Opening the exhibition will be Carmen Chaplin, the granddaughter of Charlie who is an actress and film director in her own right. Guests can expect to see an extensive photographic timeline of Charlie’s most memorable film and television appearances as well as archived pictures taken from the private Charles Chaplin Archive. “The Chaplin photographic collection contains about 10,000 photographs and negatives. In the context of this unique exhibition at the Film Society of Lincoln Center, we have the privilege to present iconic images selected for the occasion,” said Sam Stourdzé the Director of the Musée de l’Elysée.
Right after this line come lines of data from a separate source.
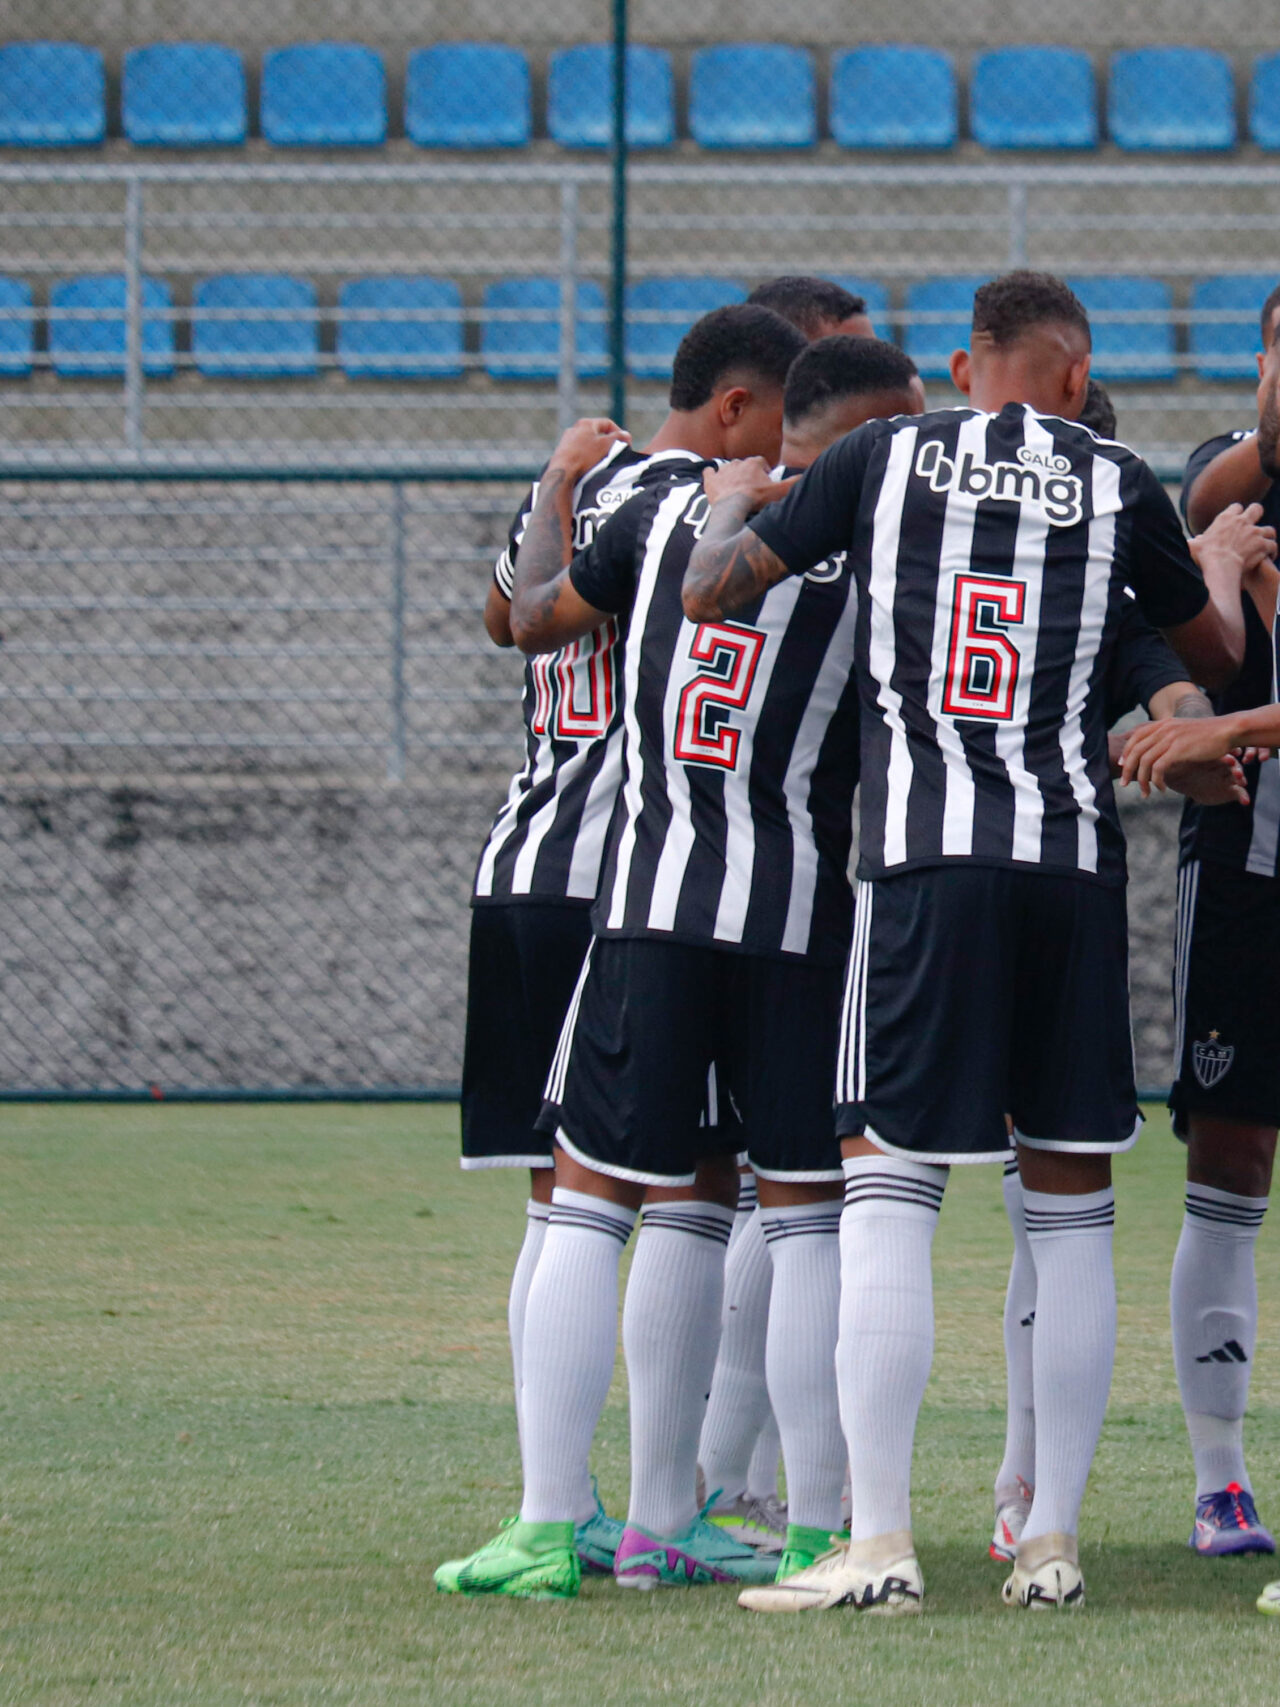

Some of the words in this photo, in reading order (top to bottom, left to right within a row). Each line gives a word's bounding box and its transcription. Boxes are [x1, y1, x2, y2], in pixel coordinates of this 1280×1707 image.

[957, 452, 1079, 523] bmg
[1019, 448, 1068, 473] GALO
[941, 572, 1027, 721] 6
[674, 621, 768, 771] 2
[1199, 1048, 1227, 1059] CAM
Charlie Chaplin as his iconic character, The Little Tramp

The Little Tramp was a character created by Charlie when he was 24-years-old. The actor played the role throughout his career, with it being one of his defining characters, garnering his huge success in America. Characterised by his walking stick, oversized clothing and bowler hat, The Little Tramp is one of the most recognised comedic and pop culture icons in the world. The Film Society of Lincoln Center chose Charlie to be the first actor to receive an award for his services to the arts, a commendation that has now been named after him and was presented to current industry icons including Alfred Hitchcock and Martin Scorsese among others.

A long-time supporter of the arts and cinema, Swiss-based company Jaeger-LeCoultre have sponsored many film festivals and exhibitions worldwide but took a particular interest in the Chaplin retrospective as the actor actually retired and passed away in Switzerland at the end of his life, having lived there for over 25 years.

If heading to New York, put this exhibition on your must-visit list.